RECORDS TO USE:
_ _ _ _ _ _ _

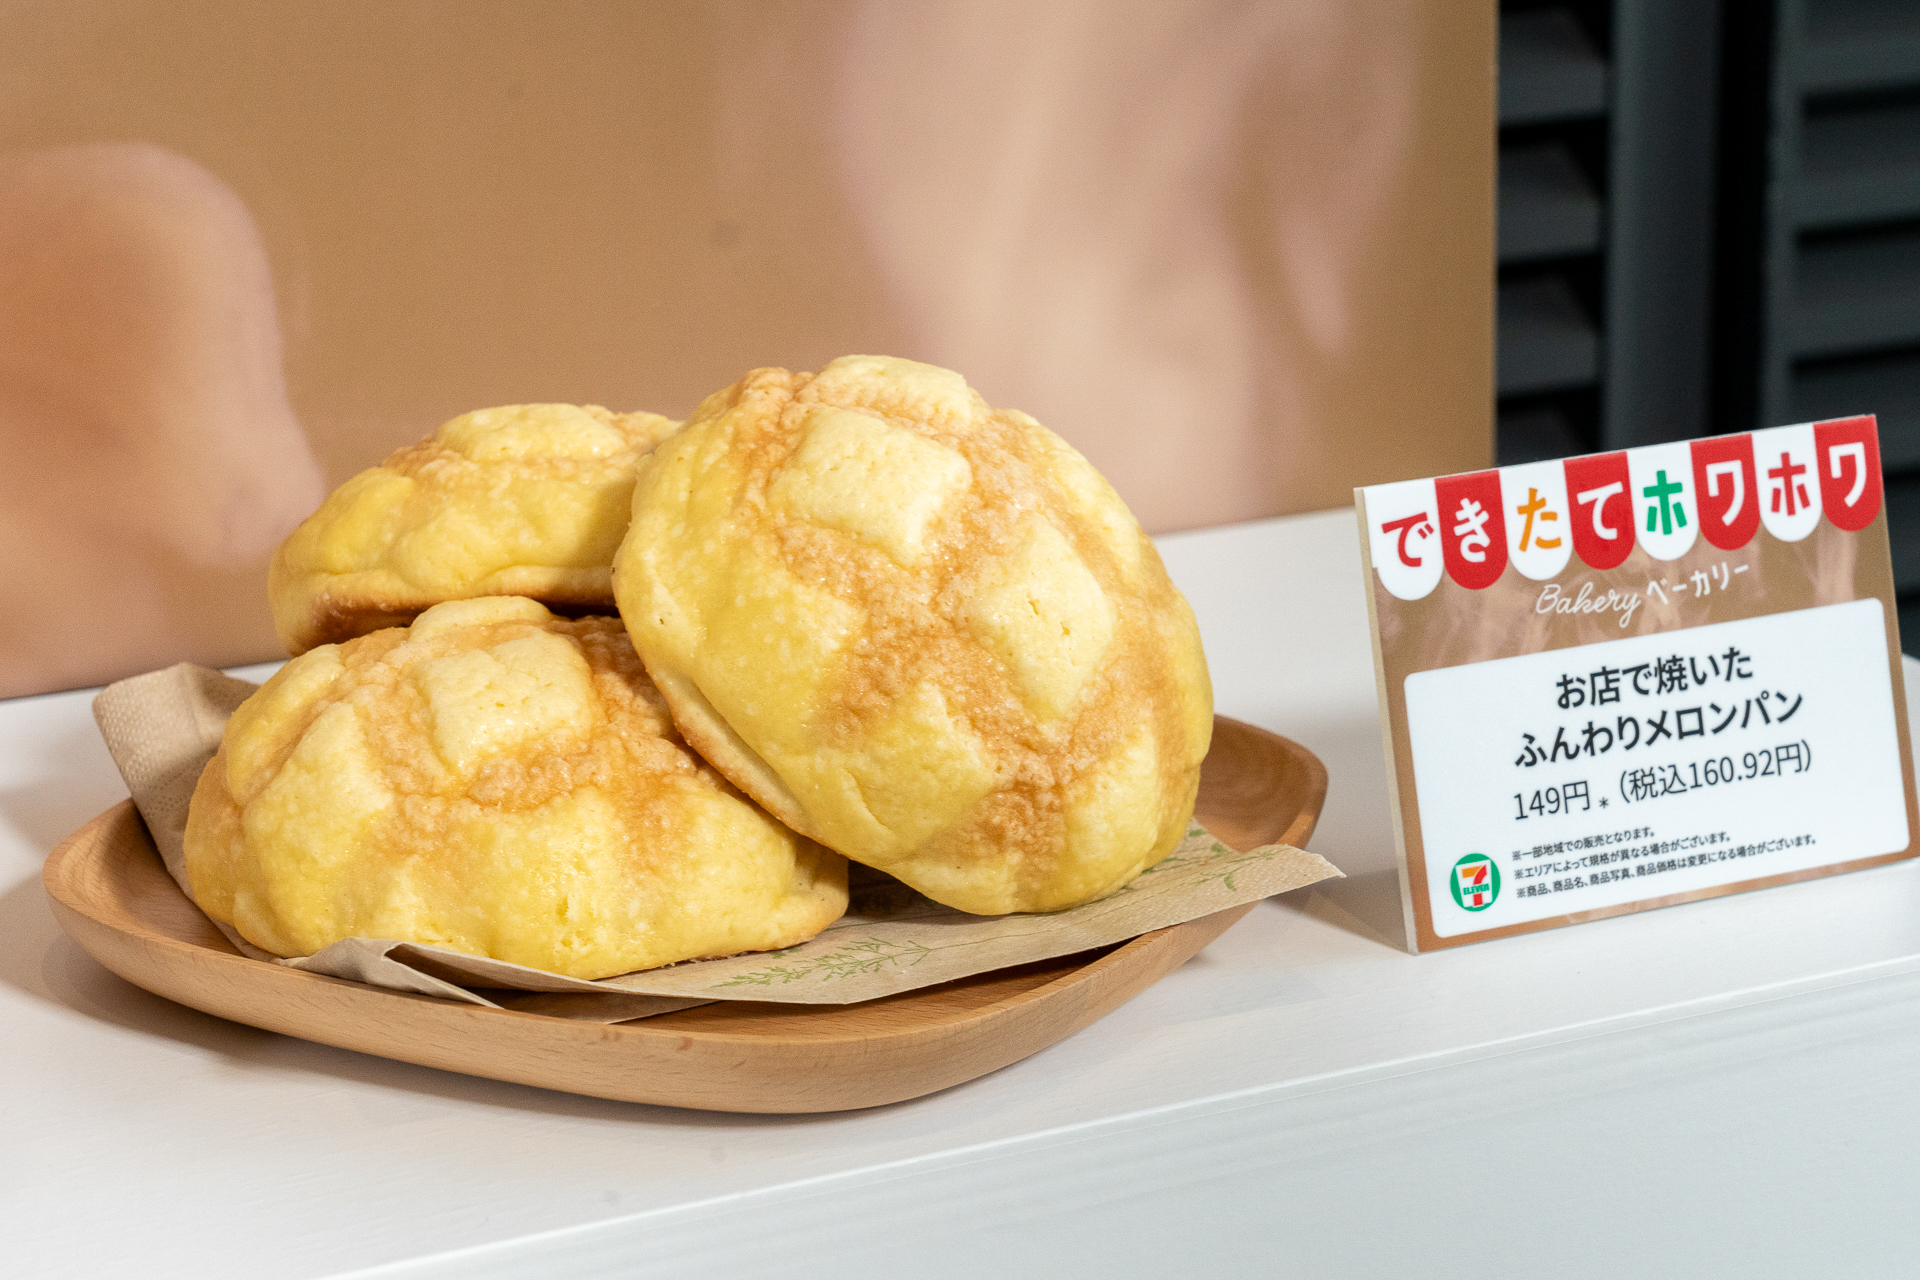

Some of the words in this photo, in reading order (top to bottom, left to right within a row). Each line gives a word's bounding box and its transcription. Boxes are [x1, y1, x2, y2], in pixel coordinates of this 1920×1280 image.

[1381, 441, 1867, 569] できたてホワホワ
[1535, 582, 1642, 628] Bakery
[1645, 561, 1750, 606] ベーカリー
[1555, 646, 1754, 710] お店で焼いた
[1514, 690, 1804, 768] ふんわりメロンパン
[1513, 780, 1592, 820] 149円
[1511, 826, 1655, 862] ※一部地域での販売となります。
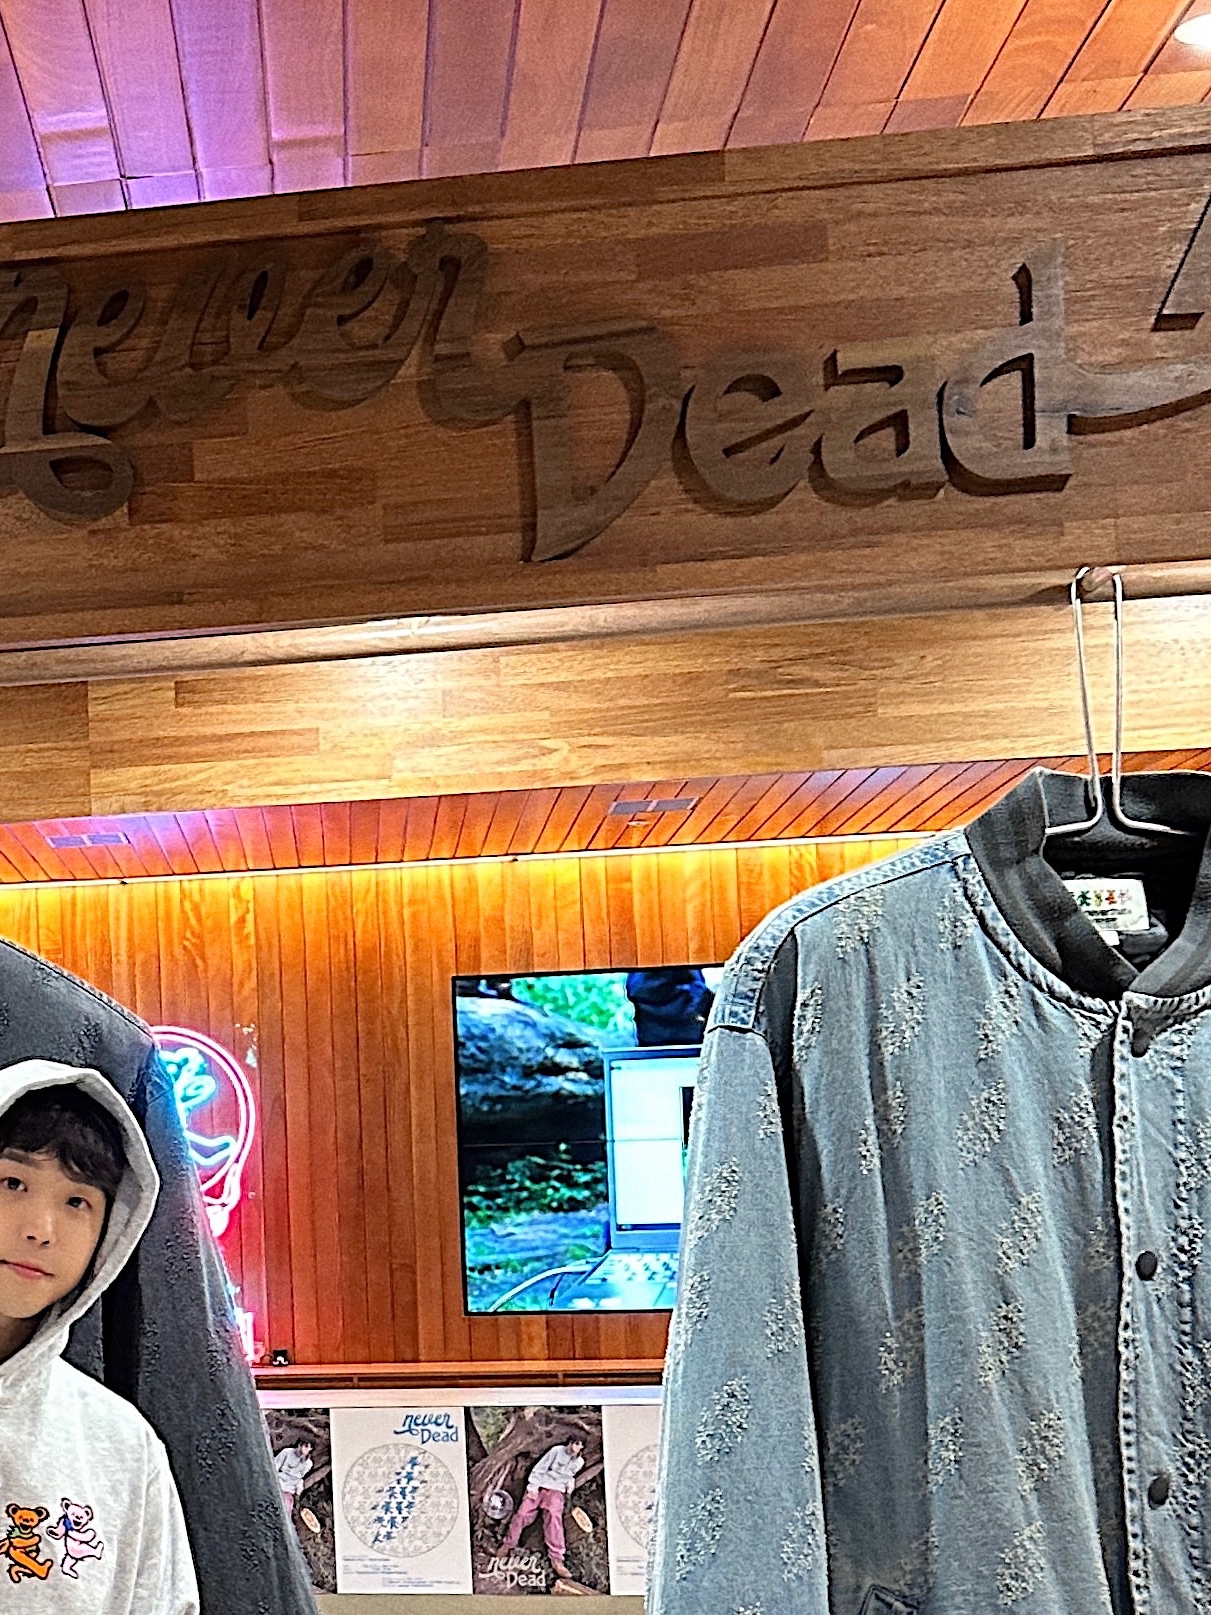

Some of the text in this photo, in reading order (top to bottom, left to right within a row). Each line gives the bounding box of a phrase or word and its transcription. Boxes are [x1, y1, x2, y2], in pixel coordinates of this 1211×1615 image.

_ _ _ _ _ _ _

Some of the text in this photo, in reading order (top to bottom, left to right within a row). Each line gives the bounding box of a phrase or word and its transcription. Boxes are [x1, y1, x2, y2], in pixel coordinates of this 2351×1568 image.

_ _ _ _ _ _ _

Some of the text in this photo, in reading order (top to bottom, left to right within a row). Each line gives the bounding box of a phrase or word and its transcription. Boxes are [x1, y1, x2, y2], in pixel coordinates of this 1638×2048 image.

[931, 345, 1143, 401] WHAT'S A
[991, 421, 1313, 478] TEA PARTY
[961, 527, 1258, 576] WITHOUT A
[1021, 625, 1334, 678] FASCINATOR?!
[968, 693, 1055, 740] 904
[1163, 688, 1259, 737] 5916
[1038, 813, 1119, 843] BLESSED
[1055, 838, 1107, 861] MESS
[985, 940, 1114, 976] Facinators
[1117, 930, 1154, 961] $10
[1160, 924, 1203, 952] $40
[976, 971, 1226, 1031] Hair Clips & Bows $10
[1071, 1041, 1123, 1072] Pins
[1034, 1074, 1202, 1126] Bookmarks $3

_ _ _ _ _ _ _

ABOUT THIS EXERCISE: Transcribe the listing above exactly, but only from the line with "Some of the words" through the line with "this 1211×1615 image.". Include both of those lines and omit the pictures.

RESULT FOR THIS TASK:
Some of the words in this photo, in reading order (top to bottom, left to right within a row). Each line gives a word's bounding box and its transcription. Boxes are [x1, y1, x2, y2], in pixel coordinates of this 1920×1280 image.

[1381, 441, 1867, 569] できたてホワホワ
[1535, 582, 1642, 628] Bakery
[1645, 561, 1750, 606] ベーカリー
[1555, 646, 1754, 710] お店で焼いた
[1514, 690, 1804, 768] ふんわりメロンパン
[1513, 780, 1592, 820] 149円
[1511, 826, 1655, 862] ※一部地域での販売となります。

Some of the text in this photo, in reading order (top to bottom, left to right within a row). Each line gives the bounding box of a phrase or word and its transcription. Boxes are [x1, y1, x2, y2], in pixel coordinates of this 1211×1615 image.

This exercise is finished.